> [Data excerpts]

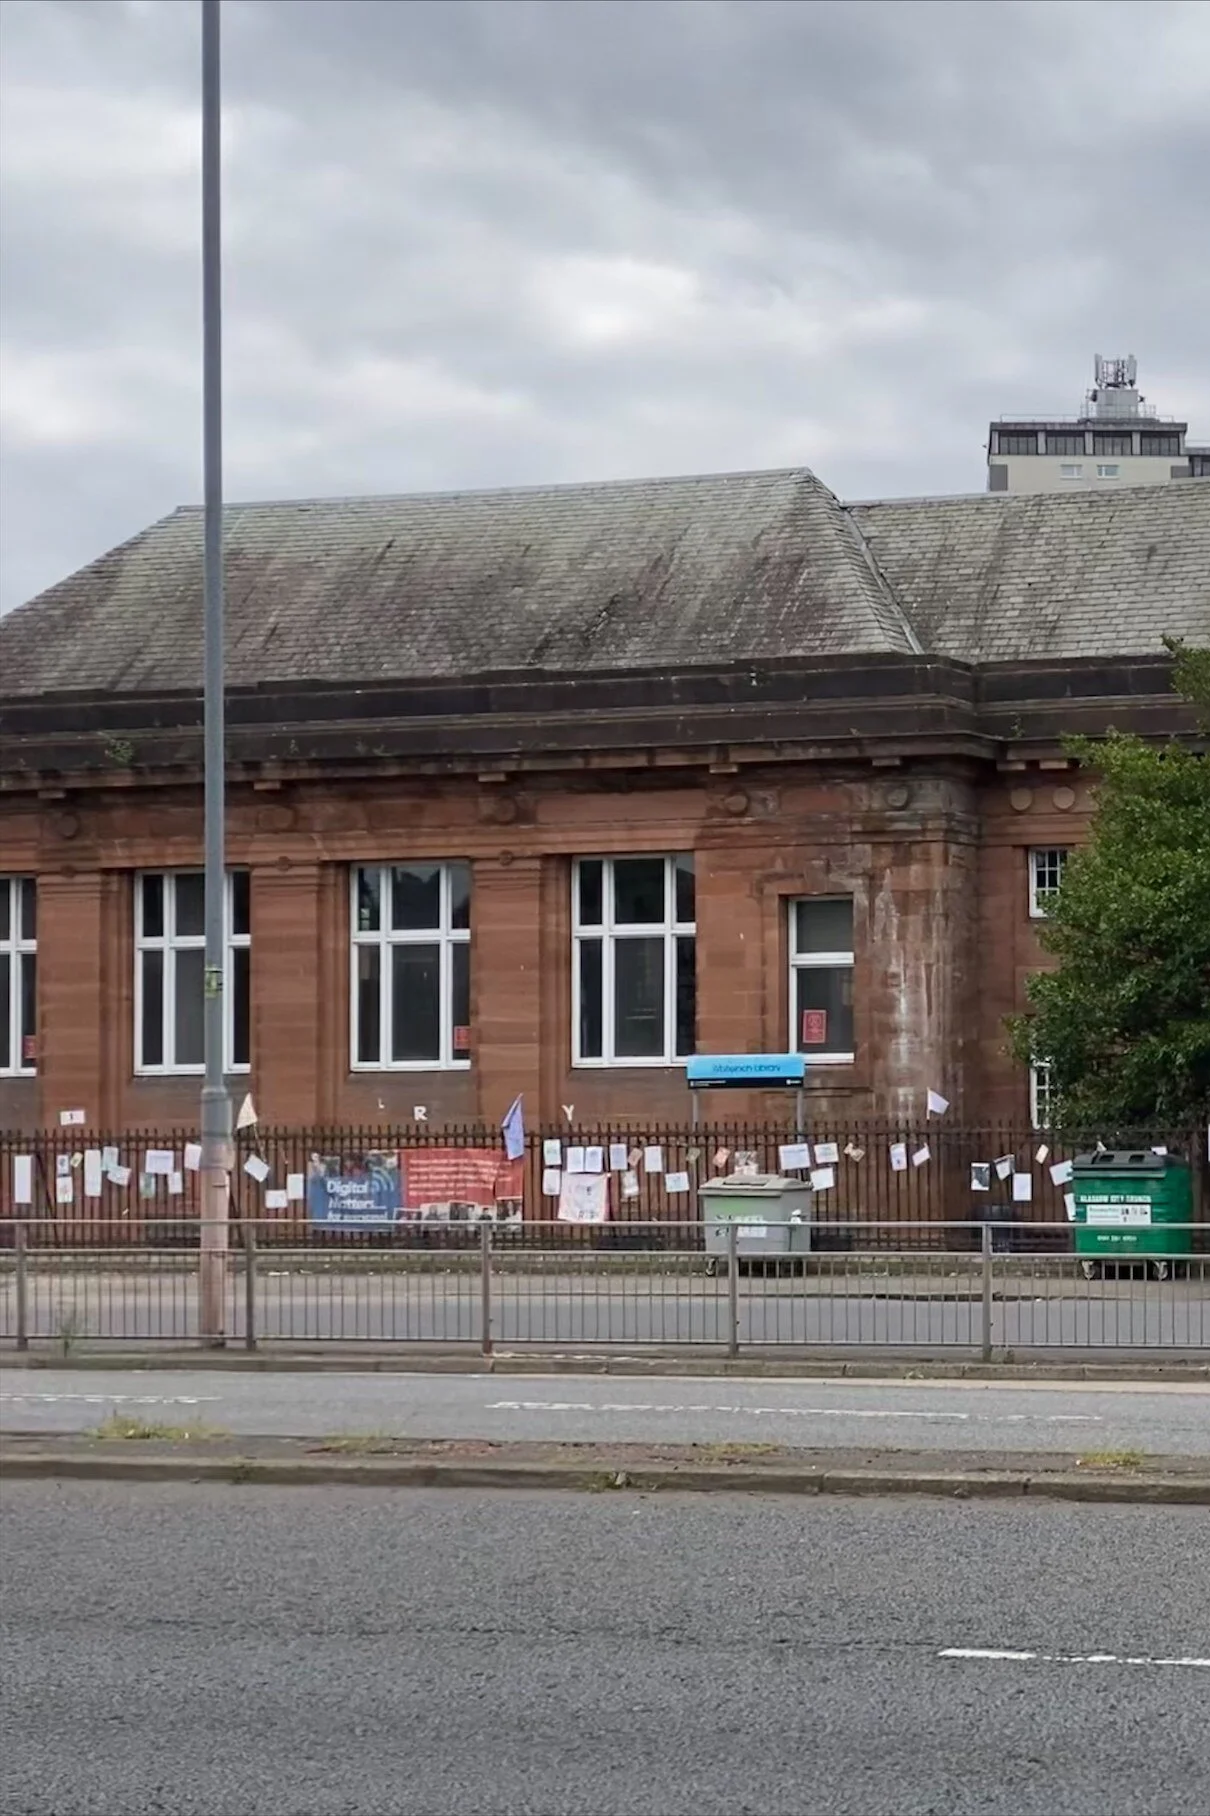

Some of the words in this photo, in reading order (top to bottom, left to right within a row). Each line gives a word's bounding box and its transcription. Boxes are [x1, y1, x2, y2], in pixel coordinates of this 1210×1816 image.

[413, 1105, 427, 1121] R
[561, 1104, 575, 1121] Y
[326, 1180, 369, 1197] Digital
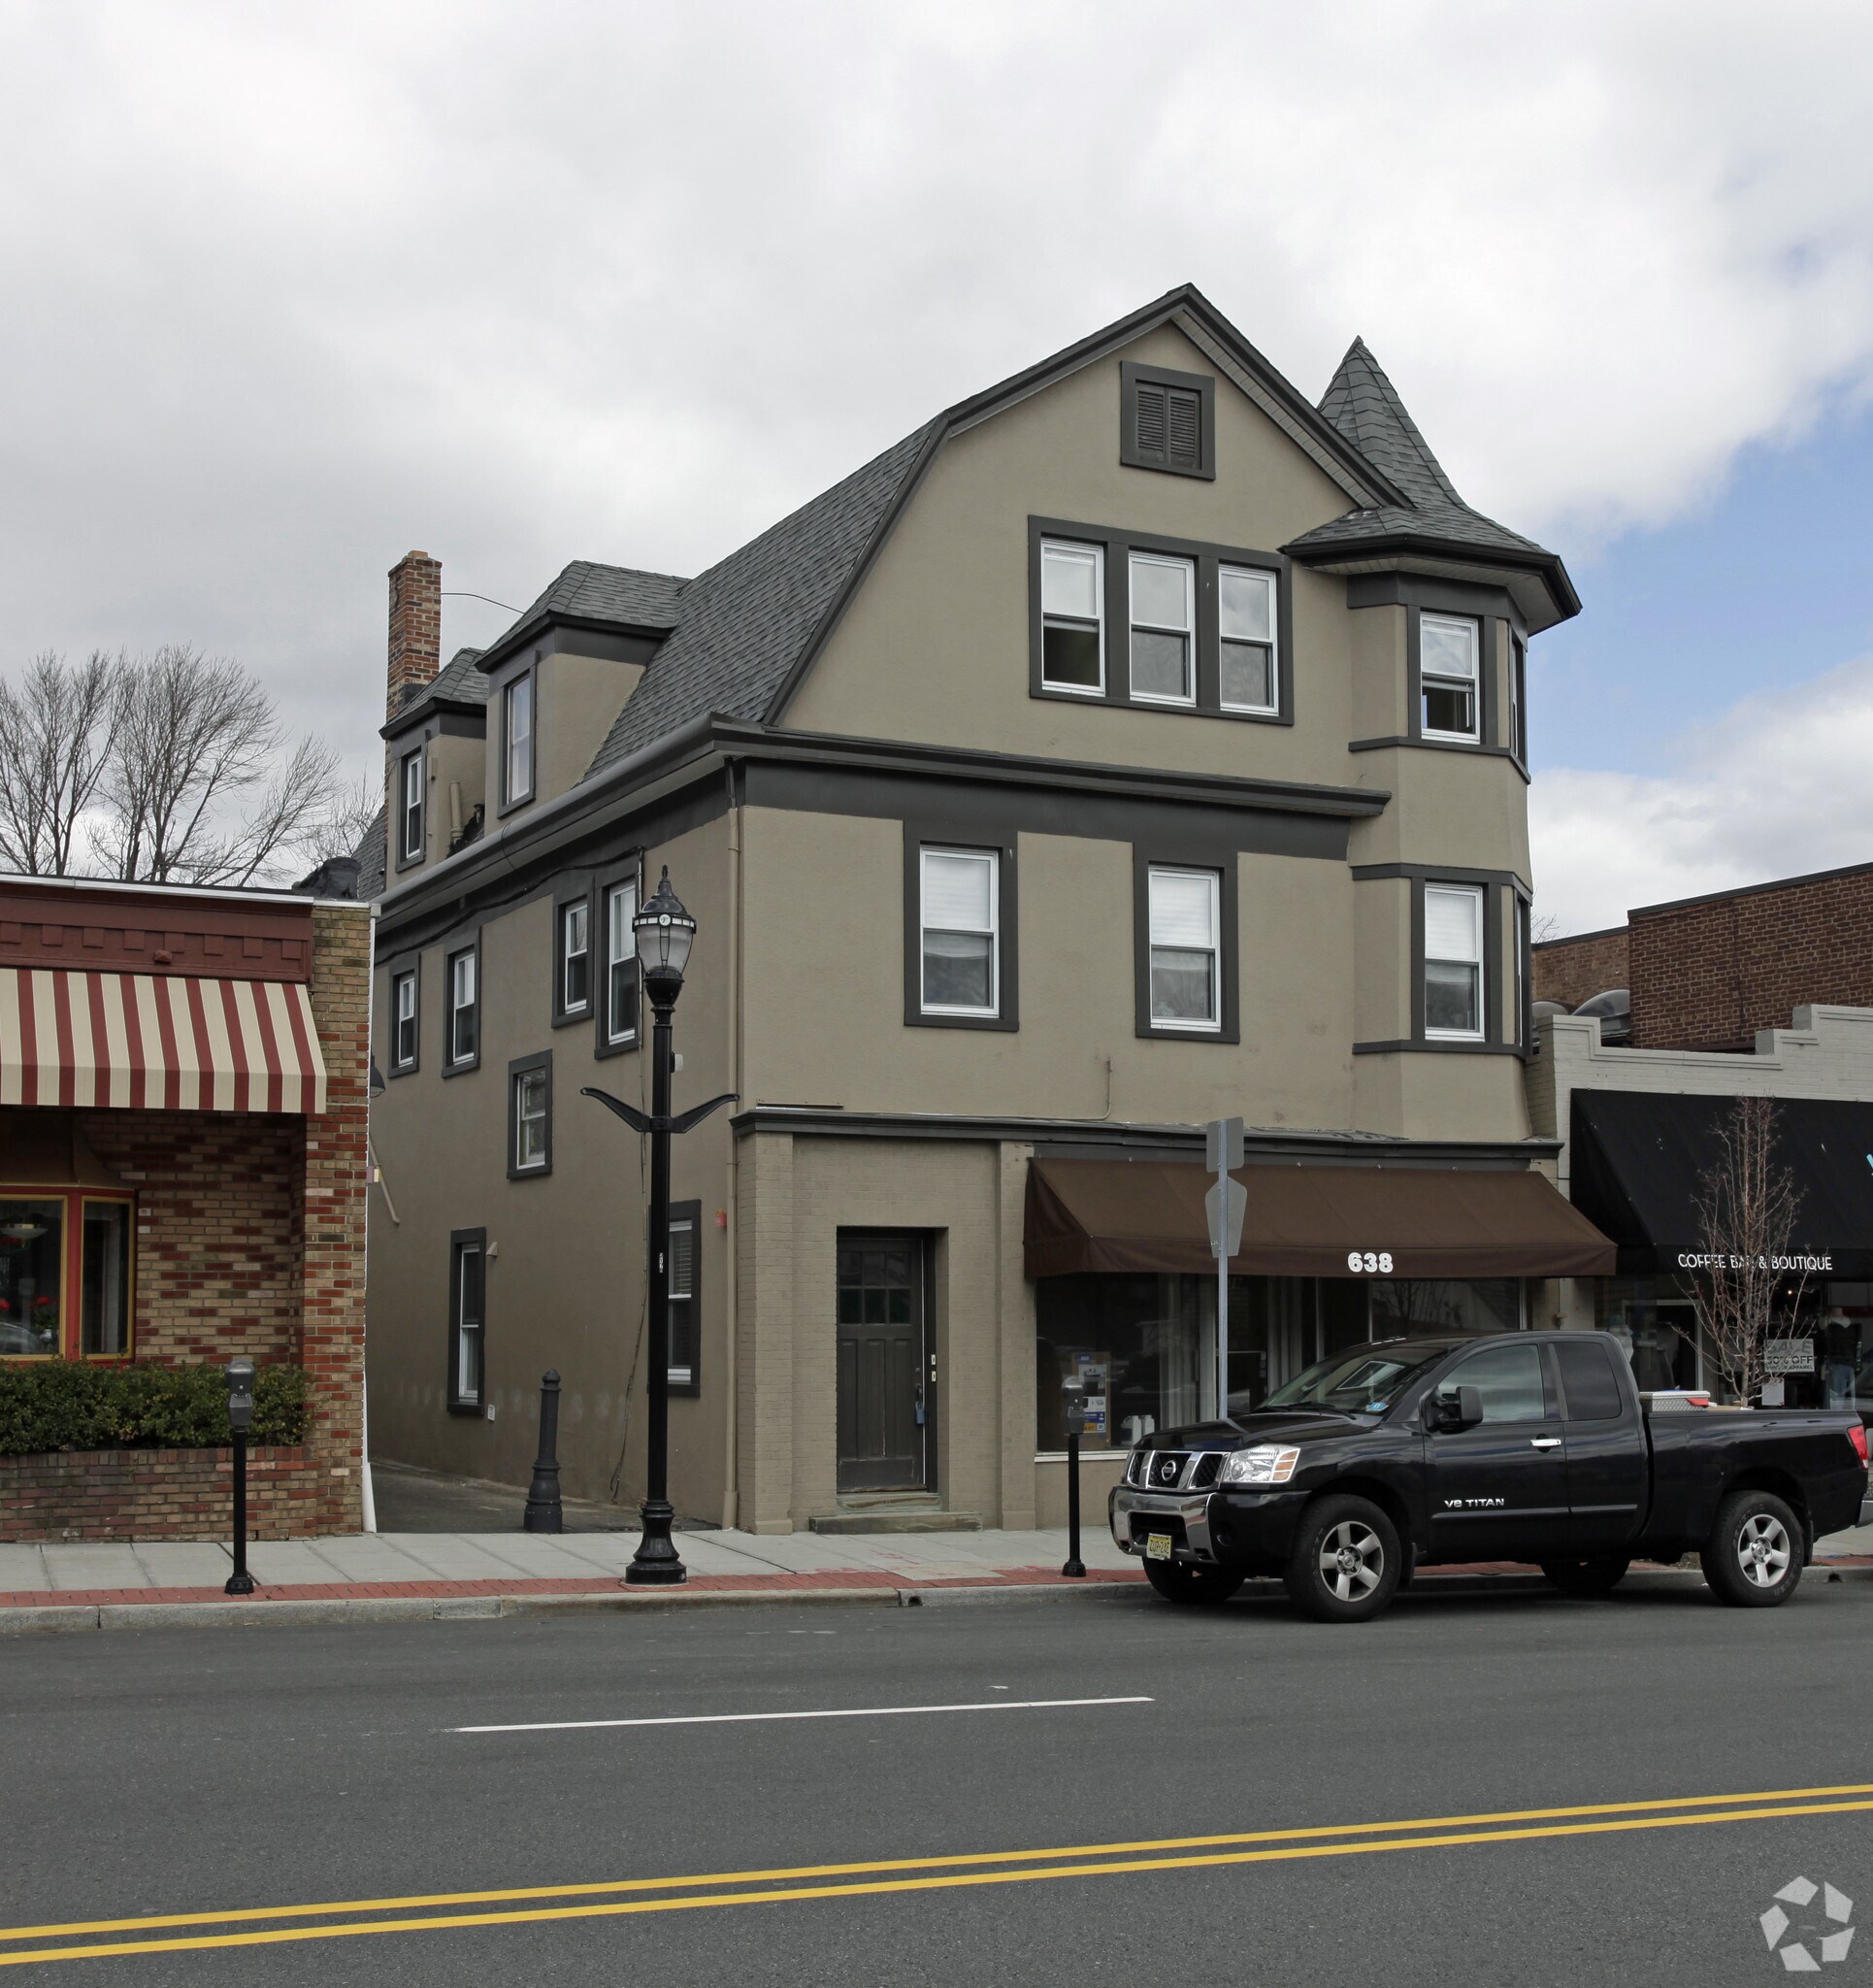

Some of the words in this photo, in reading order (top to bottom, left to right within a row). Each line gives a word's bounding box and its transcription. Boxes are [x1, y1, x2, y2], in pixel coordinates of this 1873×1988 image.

> [Problem statement] Your answer should be an exact copy of the entries above, with no images included.

> [Solved problem]
Some of the words in this photo, in reading order (top to bottom, left to right within a row). Each line gives a word's bounding box and its transcription. Boxes are [x1, y1, x2, y2], in pixel coordinates of this 1210×1816 image.

[413, 1105, 427, 1121] R
[561, 1104, 575, 1121] Y
[326, 1180, 369, 1197] Digital

Some of the words in this photo, in reading order (top to bottom, left to right within a row). Each line gives a word's bounding box and its transcription. Boxes are [x1, y1, x2, y2], in pixel coordinates of this 1873×1988 image.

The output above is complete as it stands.